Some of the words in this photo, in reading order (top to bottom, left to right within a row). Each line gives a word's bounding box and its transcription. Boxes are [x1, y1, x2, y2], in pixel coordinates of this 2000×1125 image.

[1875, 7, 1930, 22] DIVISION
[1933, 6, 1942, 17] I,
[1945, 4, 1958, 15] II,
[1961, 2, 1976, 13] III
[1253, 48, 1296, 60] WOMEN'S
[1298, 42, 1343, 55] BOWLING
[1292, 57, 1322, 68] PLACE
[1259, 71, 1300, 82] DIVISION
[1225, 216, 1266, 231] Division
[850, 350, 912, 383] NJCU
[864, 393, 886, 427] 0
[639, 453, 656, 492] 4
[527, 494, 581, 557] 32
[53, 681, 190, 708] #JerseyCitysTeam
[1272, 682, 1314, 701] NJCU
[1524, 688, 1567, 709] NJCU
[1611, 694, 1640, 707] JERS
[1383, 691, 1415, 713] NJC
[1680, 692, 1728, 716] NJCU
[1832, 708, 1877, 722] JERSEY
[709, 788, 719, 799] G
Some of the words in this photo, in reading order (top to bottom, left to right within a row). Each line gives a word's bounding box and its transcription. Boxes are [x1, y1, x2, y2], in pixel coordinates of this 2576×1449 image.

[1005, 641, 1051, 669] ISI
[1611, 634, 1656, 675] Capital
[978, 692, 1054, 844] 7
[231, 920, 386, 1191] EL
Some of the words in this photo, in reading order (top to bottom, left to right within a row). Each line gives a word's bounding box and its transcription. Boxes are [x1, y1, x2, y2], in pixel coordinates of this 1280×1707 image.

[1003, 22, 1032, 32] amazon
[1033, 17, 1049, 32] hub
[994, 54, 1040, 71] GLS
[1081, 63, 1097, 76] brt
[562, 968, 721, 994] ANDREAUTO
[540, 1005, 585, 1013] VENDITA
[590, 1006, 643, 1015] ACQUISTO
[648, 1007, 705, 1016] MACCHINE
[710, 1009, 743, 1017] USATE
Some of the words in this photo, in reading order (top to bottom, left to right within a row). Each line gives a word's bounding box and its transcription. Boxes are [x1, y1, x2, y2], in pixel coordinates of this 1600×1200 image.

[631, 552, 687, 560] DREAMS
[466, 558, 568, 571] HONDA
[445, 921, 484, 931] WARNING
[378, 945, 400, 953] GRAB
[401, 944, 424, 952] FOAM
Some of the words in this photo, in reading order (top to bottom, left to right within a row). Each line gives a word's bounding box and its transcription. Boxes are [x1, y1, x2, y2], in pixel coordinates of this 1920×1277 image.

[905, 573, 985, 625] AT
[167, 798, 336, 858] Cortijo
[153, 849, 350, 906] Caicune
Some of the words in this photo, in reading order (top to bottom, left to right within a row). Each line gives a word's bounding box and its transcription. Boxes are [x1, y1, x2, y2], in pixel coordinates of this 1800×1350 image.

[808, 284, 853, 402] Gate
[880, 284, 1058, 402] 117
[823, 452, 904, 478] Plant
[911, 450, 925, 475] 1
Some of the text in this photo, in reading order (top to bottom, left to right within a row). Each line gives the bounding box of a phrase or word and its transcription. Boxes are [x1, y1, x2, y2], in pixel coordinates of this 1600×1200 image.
===
• [Task statement]: Every line from the one containing "this 1920×1277 image." through the last line of the entries must be written out verbatim, and no other line.

• [Solution for this exercise]:
Some of the words in this photo, in reading order (top to bottom, left to right within a row). Each line gives a word's bounding box and its transcription. Boxes are [x1, y1, x2, y2], in pixel coordinates of this 1920×1277 image.

[905, 573, 985, 625] AT
[167, 798, 336, 858] Cortijo
[153, 849, 350, 906] Caicune
Some of the words in this photo, in reading order (top to bottom, left to right within a row). Each line gives a word's bounding box and its transcription. Boxes are [x1, y1, x2, y2], in pixel coordinates of this 1800×1350 image.

[808, 284, 853, 402] Gate
[880, 284, 1058, 402] 117
[823, 452, 904, 478] Plant
[911, 450, 925, 475] 1
Some of the text in this photo, in reading order (top to bottom, left to right within a row). Each line gives the bounding box of a phrase or word and its transcription. Boxes are [x1, y1, x2, y2], in pixel coordinates of this 1600×1200 image.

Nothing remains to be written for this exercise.